- _WHAT YOU WILL DO_
Write out the data again exactly, skipping every picture.

- _PROVIDED MATERIAL_
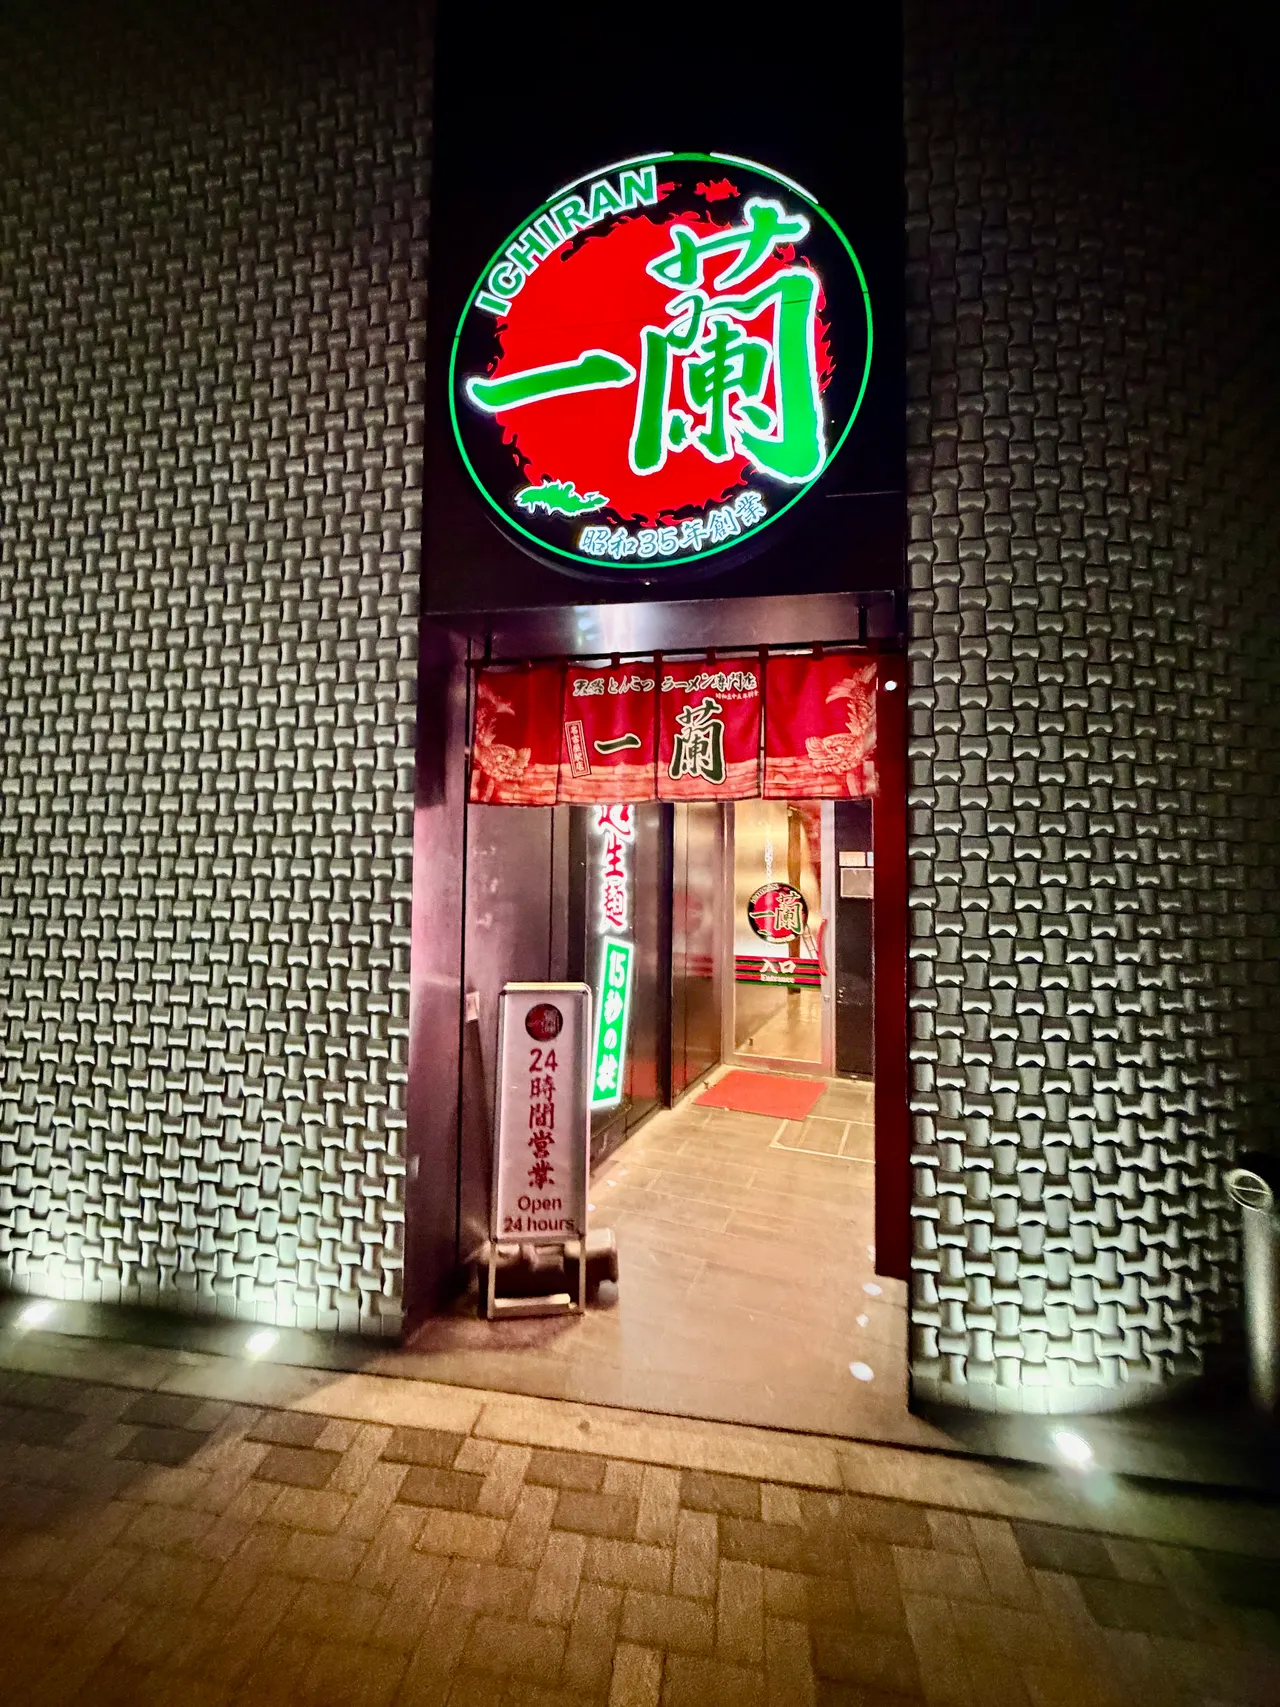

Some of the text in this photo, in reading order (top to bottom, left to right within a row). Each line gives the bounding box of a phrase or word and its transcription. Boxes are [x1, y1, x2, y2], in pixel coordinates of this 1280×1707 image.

[475, 166, 658, 316] ICHIRAN
[463, 197, 828, 484] 一蘭
[578, 491, 768, 560] 昭和35年創業
[594, 696, 727, 784] 一蘭
[750, 890, 803, 934] 一蘭
[759, 959, 796, 974] 入口
[503, 1216, 575, 1232] 24 hours
[518, 1195, 562, 1214] Open

- _ANSWER_
Some of the text in this photo, in reading order (top to bottom, left to right within a row). Each line gives the bounding box of a phrase or word and its transcription. Boxes are [x1, y1, x2, y2], in pixel coordinates of this 1280×1707 image.

[475, 166, 658, 316] ICHIRAN
[463, 197, 828, 484] 一蘭
[578, 491, 768, 560] 昭和35年創業
[594, 696, 727, 784] 一蘭
[750, 890, 803, 934] 一蘭
[759, 959, 796, 974] 入口
[503, 1216, 575, 1232] 24 hours
[518, 1195, 562, 1214] Open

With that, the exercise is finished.